··· INFORMATION PROVIDED

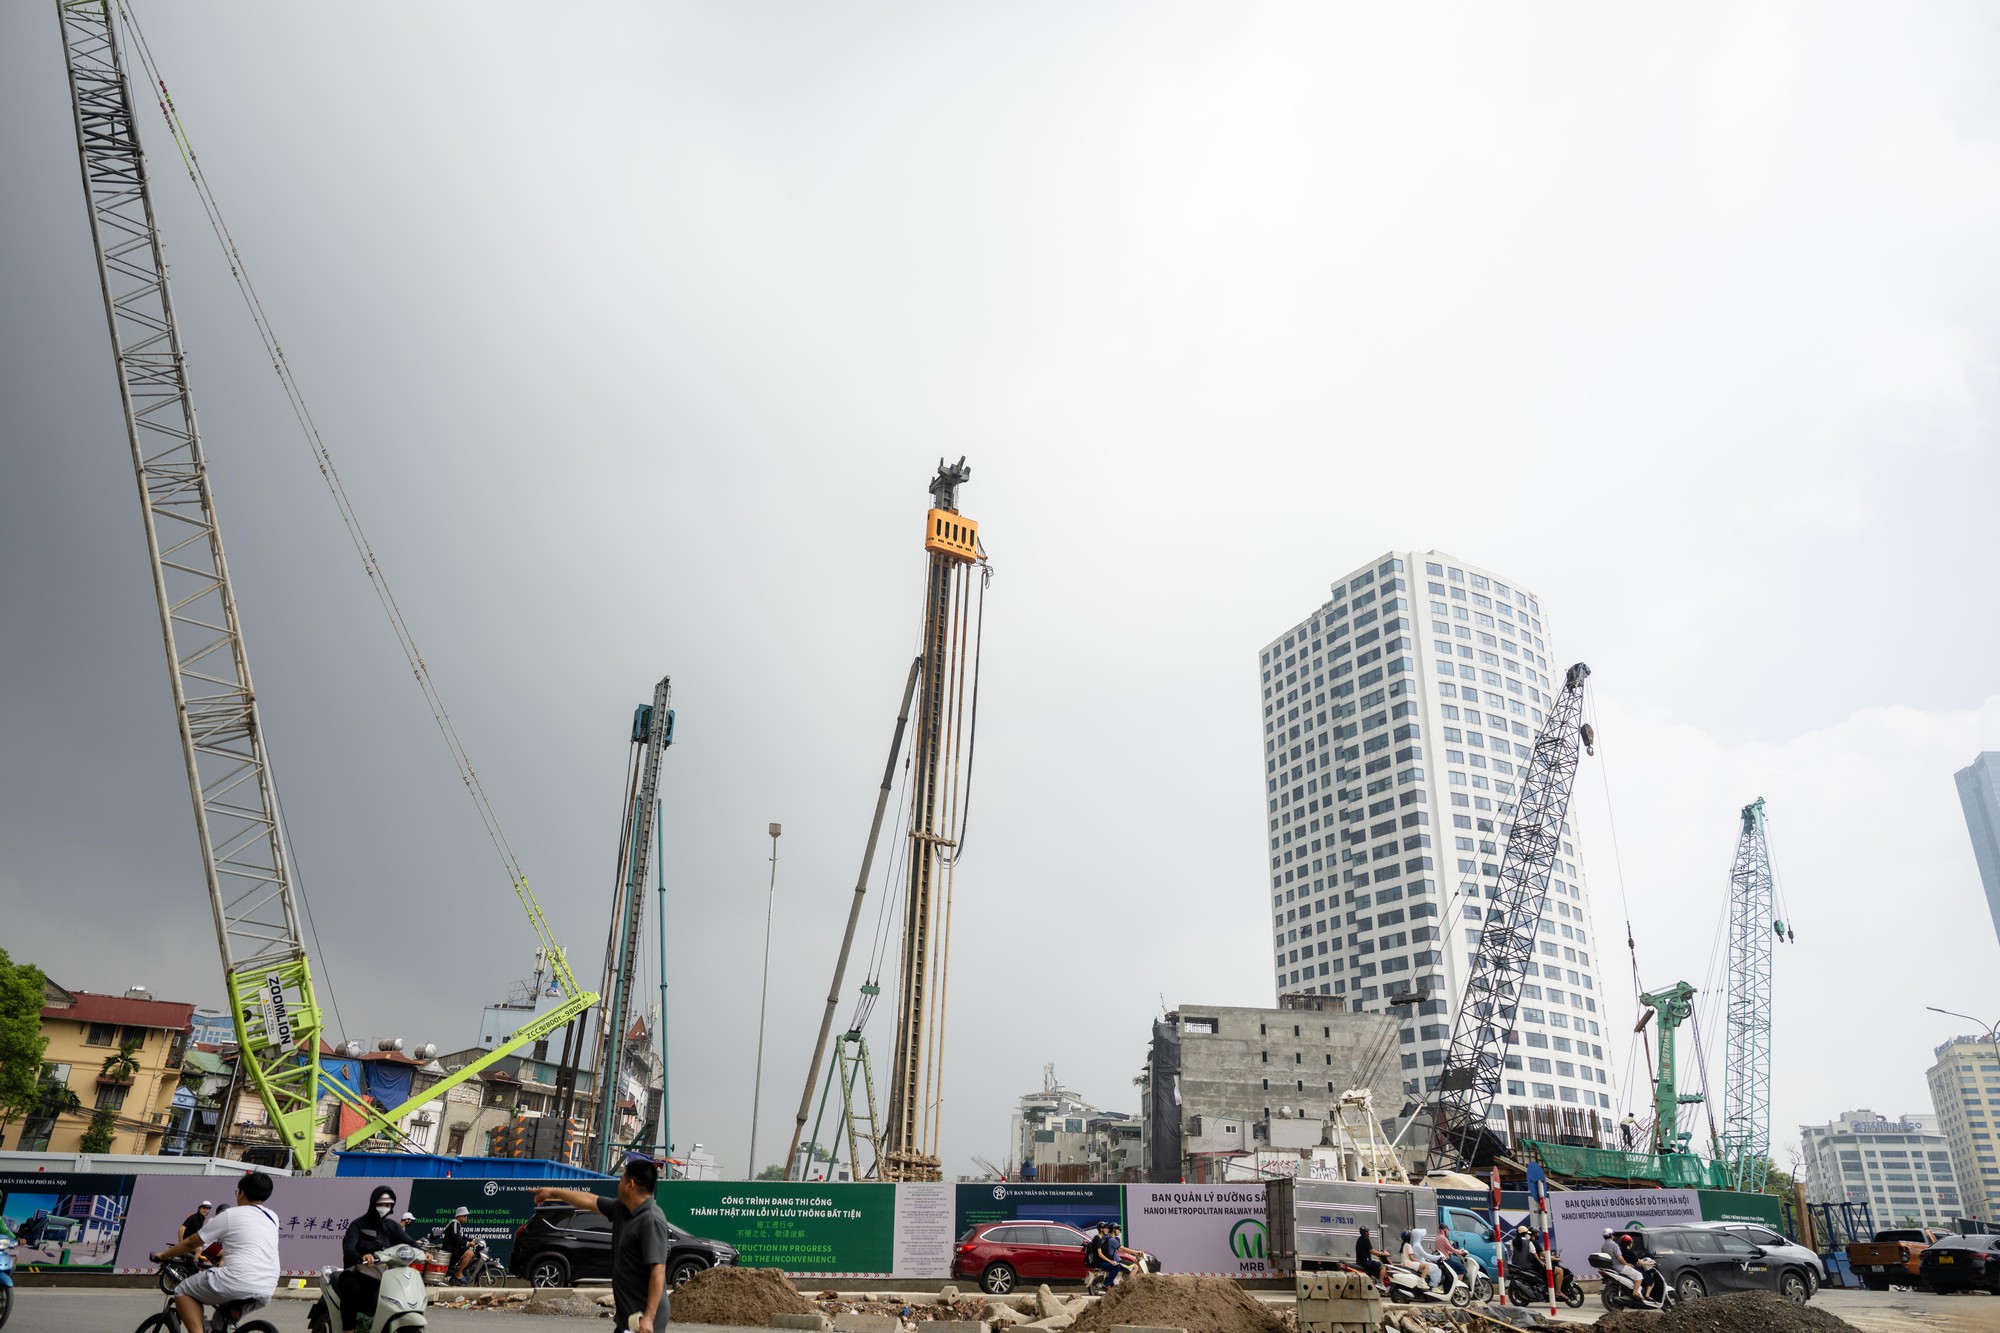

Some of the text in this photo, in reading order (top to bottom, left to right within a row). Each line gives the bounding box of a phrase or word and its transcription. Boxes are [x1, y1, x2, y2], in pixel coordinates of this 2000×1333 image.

[269, 976, 291, 1044] ZOOMLION
[722, 1196, 744, 1205] CÔNG
[745, 1196, 770, 1205] TRÌNH
[810, 1197, 832, 1206] CÔNG
[1152, 1194, 1172, 1202] BAN
[1174, 1191, 1202, 1203] QUẢN
[1204, 1191, 1214, 1202] LÝ
[1216, 1191, 1252, 1202] ĐƯỜNG
[1565, 1200, 1579, 1208] BAN
[1580, 1197, 1600, 1209] QUẢN
[1602, 1197, 1609, 1206] LÝ
[1610, 1196, 1634, 1206] ĐƯỜNG
[1658, 1198, 1669, 1207] THỊ
[1669, 1195, 1678, 1204] HÀ
[690, 1206, 718, 1216] THÀNH
[719, 1207, 740, 1218] THẬT
[771, 1208, 779, 1216] VÌ
[798, 1208, 826, 1218] THÔNG
[827, 1208, 842, 1218] BẤT
[843, 1209, 862, 1219] TIỆN
[1579, 1211, 1617, 1220] METROPOLITAN
[1240, 1262, 1264, 1271] MRB
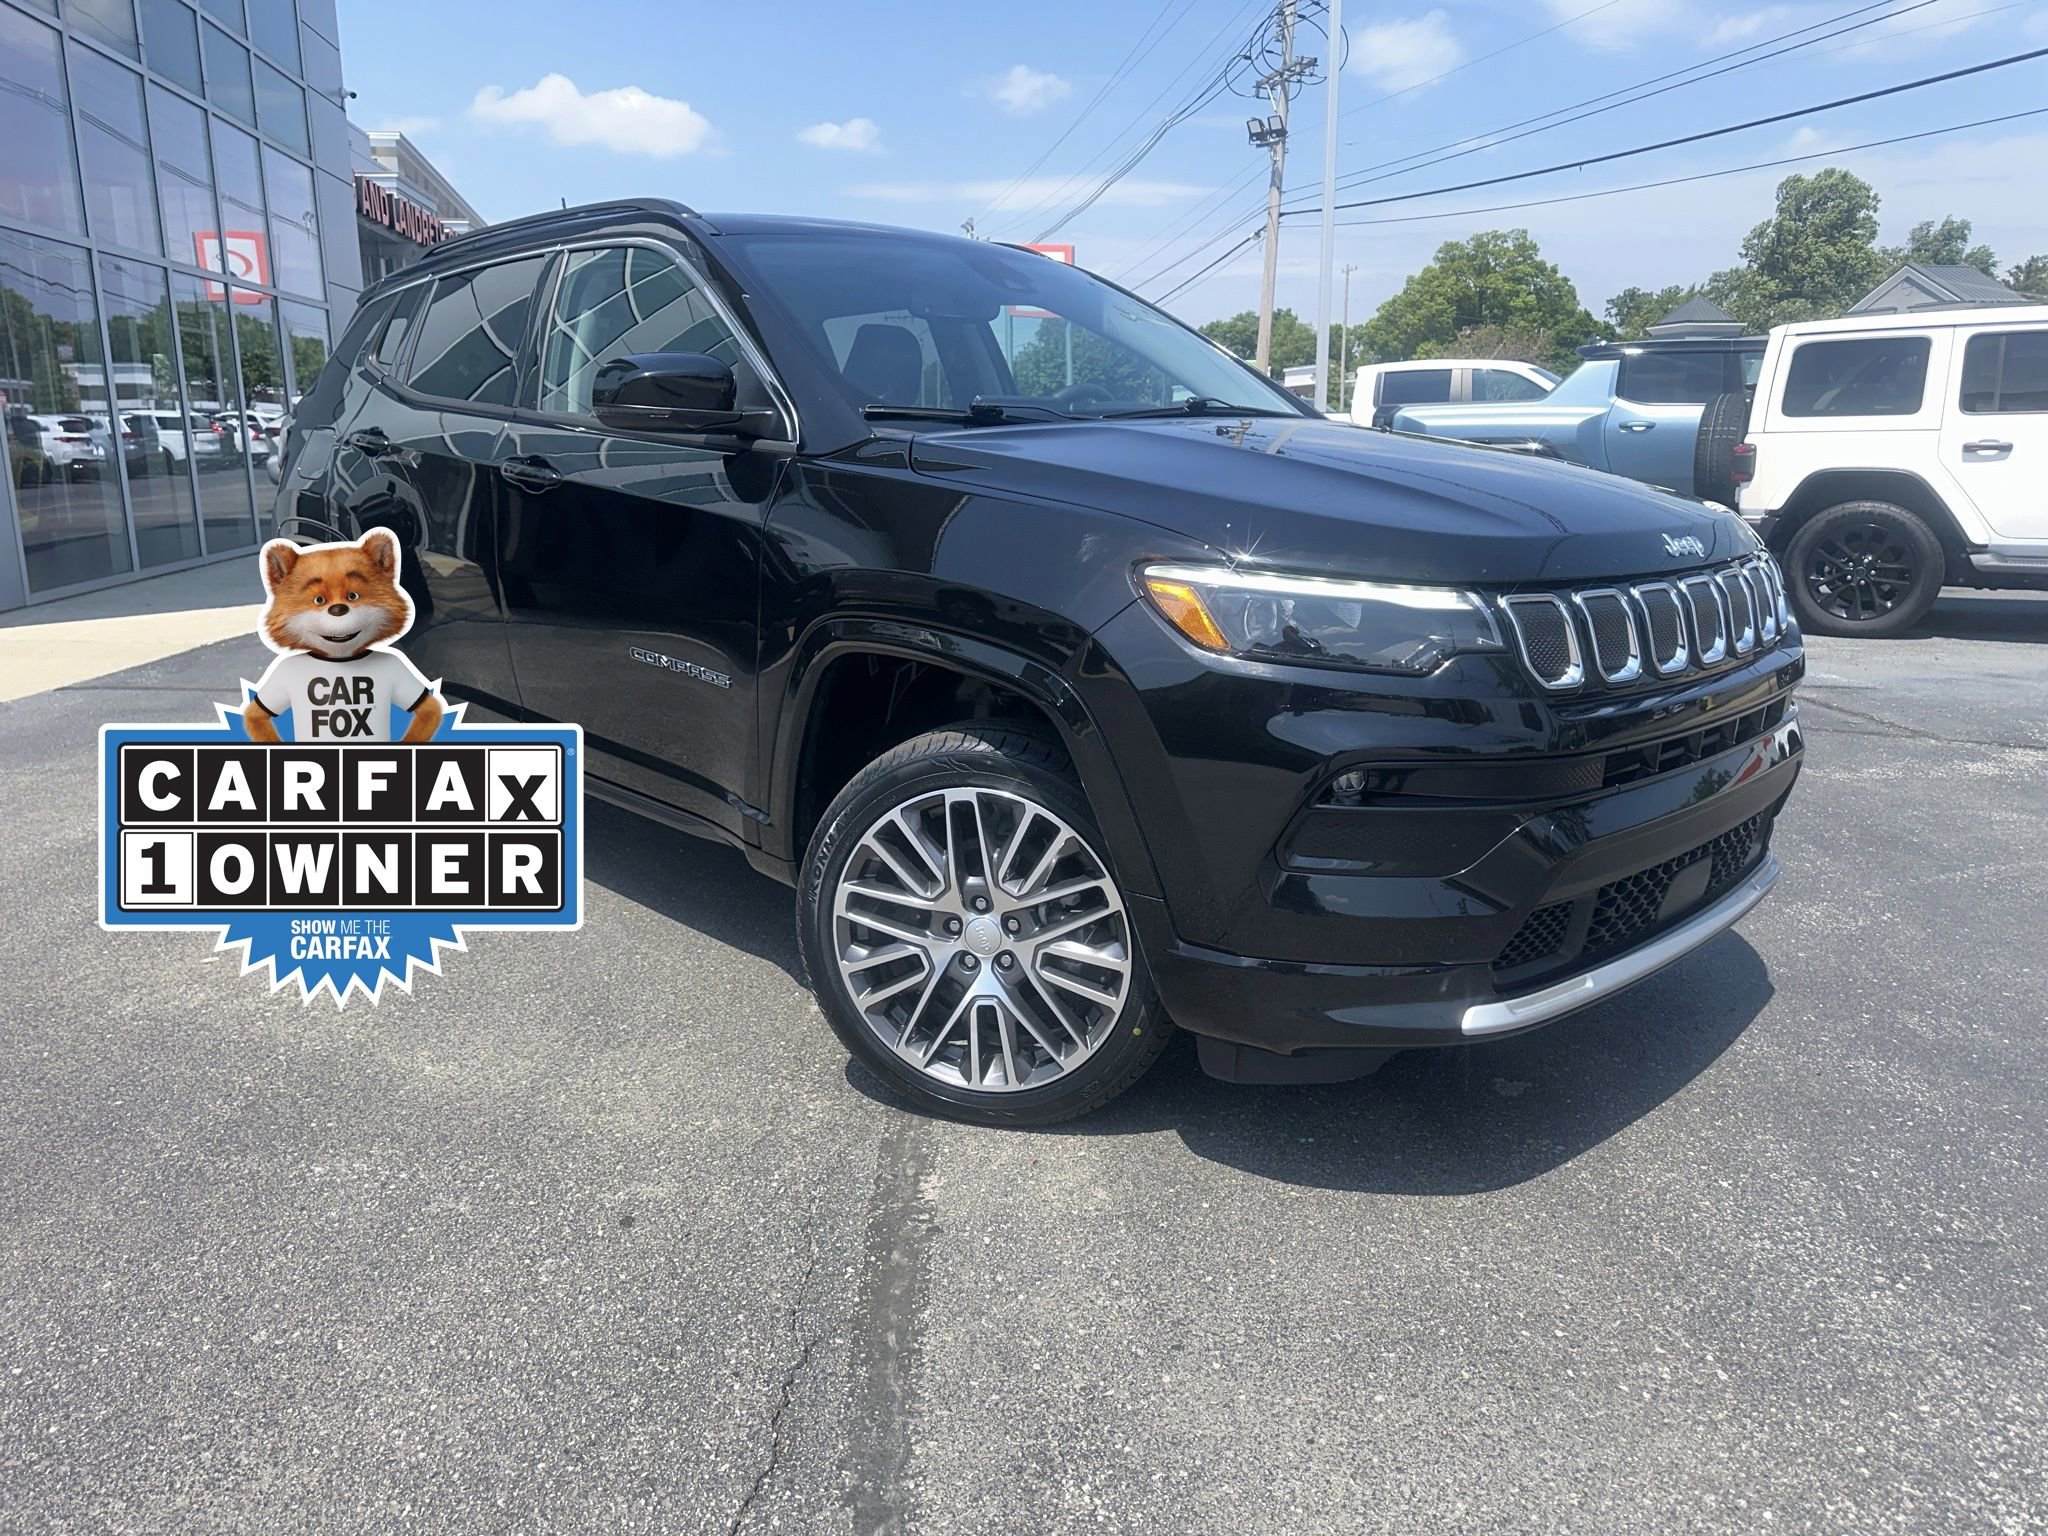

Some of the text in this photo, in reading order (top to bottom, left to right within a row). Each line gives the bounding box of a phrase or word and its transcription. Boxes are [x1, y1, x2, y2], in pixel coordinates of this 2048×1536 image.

[363, 176, 390, 227] AND
[1661, 533, 1705, 558] Jeep
[629, 646, 732, 689] COMPASS

······

- _YOUR INSTRUCTIONS_
Write out again, exactly, the line containing "this 2048×1536 image." and every later line of the records. Omit the rest.

- _ANSWER_
Some of the text in this photo, in reading order (top to bottom, left to right within a row). Each line gives the bounding box of a phrase or word and its transcription. Boxes are [x1, y1, x2, y2], in pixel coordinates of this 2048×1536 image.

[363, 176, 390, 227] AND
[1661, 533, 1705, 558] Jeep
[629, 646, 732, 689] COMPASS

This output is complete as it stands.